### WORK INSTRUCTIONS
The records that appear below are to be restated word for word.
SUPPLIED RECORDS section start
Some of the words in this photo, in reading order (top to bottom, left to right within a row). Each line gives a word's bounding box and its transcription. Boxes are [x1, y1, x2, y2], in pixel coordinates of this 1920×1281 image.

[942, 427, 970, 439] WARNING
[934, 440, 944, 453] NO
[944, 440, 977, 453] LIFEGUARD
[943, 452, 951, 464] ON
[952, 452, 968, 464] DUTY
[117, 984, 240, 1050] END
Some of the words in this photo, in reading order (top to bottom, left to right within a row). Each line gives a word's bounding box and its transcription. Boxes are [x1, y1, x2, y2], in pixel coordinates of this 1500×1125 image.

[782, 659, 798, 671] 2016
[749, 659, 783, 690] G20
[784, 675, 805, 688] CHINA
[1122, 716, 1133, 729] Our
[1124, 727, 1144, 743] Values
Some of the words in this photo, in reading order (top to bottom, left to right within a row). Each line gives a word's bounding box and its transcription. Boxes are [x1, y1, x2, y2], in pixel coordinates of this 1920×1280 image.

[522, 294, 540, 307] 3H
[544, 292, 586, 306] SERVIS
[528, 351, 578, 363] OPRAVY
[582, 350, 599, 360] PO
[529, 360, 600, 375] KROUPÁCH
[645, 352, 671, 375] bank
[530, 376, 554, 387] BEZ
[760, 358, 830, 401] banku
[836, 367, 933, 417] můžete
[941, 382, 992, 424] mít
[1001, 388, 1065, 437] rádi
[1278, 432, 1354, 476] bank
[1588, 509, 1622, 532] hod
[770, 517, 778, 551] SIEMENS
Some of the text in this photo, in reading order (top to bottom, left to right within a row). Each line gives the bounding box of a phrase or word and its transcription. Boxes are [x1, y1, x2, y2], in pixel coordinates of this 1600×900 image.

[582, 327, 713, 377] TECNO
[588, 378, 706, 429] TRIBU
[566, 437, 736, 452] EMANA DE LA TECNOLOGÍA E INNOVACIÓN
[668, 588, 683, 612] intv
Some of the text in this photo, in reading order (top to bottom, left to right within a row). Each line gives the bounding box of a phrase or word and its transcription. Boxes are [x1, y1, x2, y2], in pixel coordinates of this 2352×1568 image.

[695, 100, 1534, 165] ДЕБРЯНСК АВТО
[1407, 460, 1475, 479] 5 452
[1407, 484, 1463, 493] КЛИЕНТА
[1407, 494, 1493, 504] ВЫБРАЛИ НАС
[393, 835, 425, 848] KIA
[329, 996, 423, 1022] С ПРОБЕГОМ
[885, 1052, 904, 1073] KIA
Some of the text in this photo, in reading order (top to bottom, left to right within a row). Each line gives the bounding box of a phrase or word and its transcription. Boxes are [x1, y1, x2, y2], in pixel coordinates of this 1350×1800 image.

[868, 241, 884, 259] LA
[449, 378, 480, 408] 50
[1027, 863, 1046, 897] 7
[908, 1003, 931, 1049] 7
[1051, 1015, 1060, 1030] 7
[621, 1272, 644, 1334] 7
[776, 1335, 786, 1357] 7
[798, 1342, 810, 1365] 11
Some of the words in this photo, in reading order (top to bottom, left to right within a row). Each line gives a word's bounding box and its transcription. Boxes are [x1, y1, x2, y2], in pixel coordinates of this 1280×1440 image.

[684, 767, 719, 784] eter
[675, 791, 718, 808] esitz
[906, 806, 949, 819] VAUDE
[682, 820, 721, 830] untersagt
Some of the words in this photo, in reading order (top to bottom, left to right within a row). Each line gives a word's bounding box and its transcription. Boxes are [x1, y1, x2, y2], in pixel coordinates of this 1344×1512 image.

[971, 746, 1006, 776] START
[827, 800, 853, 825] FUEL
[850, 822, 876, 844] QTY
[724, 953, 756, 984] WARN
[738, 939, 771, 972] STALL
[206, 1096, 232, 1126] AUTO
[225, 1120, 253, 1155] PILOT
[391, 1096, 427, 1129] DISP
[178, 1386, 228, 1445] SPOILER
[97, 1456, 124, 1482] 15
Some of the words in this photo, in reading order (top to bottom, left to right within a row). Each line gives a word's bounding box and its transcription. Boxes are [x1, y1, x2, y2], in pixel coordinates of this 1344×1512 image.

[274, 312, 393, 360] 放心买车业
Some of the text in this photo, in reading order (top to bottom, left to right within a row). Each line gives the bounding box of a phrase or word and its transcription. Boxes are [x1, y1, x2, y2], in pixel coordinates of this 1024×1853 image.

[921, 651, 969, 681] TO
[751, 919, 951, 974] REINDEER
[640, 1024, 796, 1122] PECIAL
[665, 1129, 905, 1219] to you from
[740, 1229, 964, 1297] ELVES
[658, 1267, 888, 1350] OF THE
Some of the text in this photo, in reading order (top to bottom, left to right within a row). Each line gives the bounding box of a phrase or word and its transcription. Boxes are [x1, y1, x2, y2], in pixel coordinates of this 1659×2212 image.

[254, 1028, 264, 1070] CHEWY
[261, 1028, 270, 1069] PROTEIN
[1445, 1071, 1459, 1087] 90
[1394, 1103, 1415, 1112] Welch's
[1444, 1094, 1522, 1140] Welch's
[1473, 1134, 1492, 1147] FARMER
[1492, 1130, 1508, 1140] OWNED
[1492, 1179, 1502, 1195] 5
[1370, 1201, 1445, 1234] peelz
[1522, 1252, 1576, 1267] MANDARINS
SUPPLIED RECORDS section end
### COMPLETED TASK
Some of the words in this photo, in reading order (top to bottom, left to right within a row). Each line gives a word's bounding box and its transcription. Boxes are [x1, y1, x2, y2], in pixel coordinates of this 1920×1281 image.

[942, 427, 970, 439] WARNING
[934, 440, 944, 453] NO
[944, 440, 977, 453] LIFEGUARD
[943, 452, 951, 464] ON
[952, 452, 968, 464] DUTY
[117, 984, 240, 1050] END
Some of the words in this photo, in reading order (top to bottom, left to right within a row). Each line gives a word's bounding box and its transcription. Boxes are [x1, y1, x2, y2], in pixel coordinates of this 1500×1125 image.

[782, 659, 798, 671] 2016
[749, 659, 783, 690] G20
[784, 675, 805, 688] CHINA
[1122, 716, 1133, 729] Our
[1124, 727, 1144, 743] Values
Some of the words in this photo, in reading order (top to bottom, left to right within a row). Each line gives a word's bounding box and its transcription. Boxes are [x1, y1, x2, y2], in pixel coordinates of this 1920×1280 image.

[522, 294, 540, 307] 3H
[544, 292, 586, 306] SERVIS
[528, 351, 578, 363] OPRAVY
[582, 350, 599, 360] PO
[529, 360, 600, 375] KROUPÁCH
[645, 352, 671, 375] bank
[530, 376, 554, 387] BEZ
[760, 358, 830, 401] banku
[836, 367, 933, 417] můžete
[941, 382, 992, 424] mít
[1001, 388, 1065, 437] rádi
[1278, 432, 1354, 476] bank
[1588, 509, 1622, 532] hod
[770, 517, 778, 551] SIEMENS
Some of the text in this photo, in reading order (top to bottom, left to right within a row). Each line gives the bounding box of a phrase or word and its transcription. Boxes are [x1, y1, x2, y2], in pixel coordinates of this 1600×900 image.

[582, 327, 713, 377] TECNO
[588, 378, 706, 429] TRIBU
[566, 437, 736, 452] EMANA DE LA TECNOLOGÍA E INNOVACIÓN
[668, 588, 683, 612] intv
Some of the text in this photo, in reading order (top to bottom, left to right within a row). Each line gives the bounding box of a phrase or word and its transcription. Boxes are [x1, y1, x2, y2], in pixel coordinates of this 2352×1568 image.

[695, 100, 1534, 165] ДЕБРЯНСК АВТО
[1407, 460, 1475, 479] 5 452
[1407, 484, 1463, 493] КЛИЕНТА
[1407, 494, 1493, 504] ВЫБРАЛИ НАС
[393, 835, 425, 848] KIA
[329, 996, 423, 1022] С ПРОБЕГОМ
[885, 1052, 904, 1073] KIA
Some of the text in this photo, in reading order (top to bottom, left to right within a row). Each line gives the bounding box of a phrase or word and its transcription. Boxes are [x1, y1, x2, y2], in pixel coordinates of this 1350×1800 image.

[868, 241, 884, 259] LA
[449, 378, 480, 408] 50
[1027, 863, 1046, 897] 7
[908, 1003, 931, 1049] 7
[1051, 1015, 1060, 1030] 7
[621, 1272, 644, 1334] 7
[776, 1335, 786, 1357] 7
[798, 1342, 810, 1365] 11
Some of the words in this photo, in reading order (top to bottom, left to right within a row). Each line gives a word's bounding box and its transcription. Boxes are [x1, y1, x2, y2], in pixel coordinates of this 1280×1440 image.

[684, 767, 719, 784] eter
[675, 791, 718, 808] esitz
[906, 806, 949, 819] VAUDE
[682, 820, 721, 830] untersagt
Some of the words in this photo, in reading order (top to bottom, left to right within a row). Each line gives a word's bounding box and its transcription. Boxes are [x1, y1, x2, y2], in pixel coordinates of this 1344×1512 image.

[971, 746, 1006, 776] START
[827, 800, 853, 825] FUEL
[850, 822, 876, 844] QTY
[724, 953, 756, 984] WARN
[738, 939, 771, 972] STALL
[206, 1096, 232, 1126] AUTO
[225, 1120, 253, 1155] PILOT
[391, 1096, 427, 1129] DISP
[178, 1386, 228, 1445] SPOILER
[97, 1456, 124, 1482] 15
Some of the words in this photo, in reading order (top to bottom, left to right within a row). Each line gives a word's bounding box and its transcription. Boxes are [x1, y1, x2, y2], in pixel coordinates of this 1344×1512 image.

[274, 312, 393, 360] 放心买车业
Some of the text in this photo, in reading order (top to bottom, left to right within a row). Each line gives the bounding box of a phrase or word and its transcription. Boxes are [x1, y1, x2, y2], in pixel coordinates of this 1024×1853 image.

[921, 651, 969, 681] TO
[751, 919, 951, 974] REINDEER
[640, 1024, 796, 1122] PECIAL
[665, 1129, 905, 1219] to you from
[740, 1229, 964, 1297] ELVES
[658, 1267, 888, 1350] OF THE
Some of the text in this photo, in reading order (top to bottom, left to right within a row). Each line gives the bounding box of a phrase or word and its transcription. Boxes are [x1, y1, x2, y2], in pixel coordinates of this 1659×2212 image.

[254, 1028, 264, 1070] CHEWY
[261, 1028, 270, 1069] PROTEIN
[1445, 1071, 1459, 1087] 90
[1394, 1103, 1415, 1112] Welch's
[1444, 1094, 1522, 1140] Welch's
[1473, 1134, 1492, 1147] FARMER
[1492, 1130, 1508, 1140] OWNED
[1492, 1179, 1502, 1195] 5
[1370, 1201, 1445, 1234] peelz
[1522, 1252, 1576, 1267] MANDARINS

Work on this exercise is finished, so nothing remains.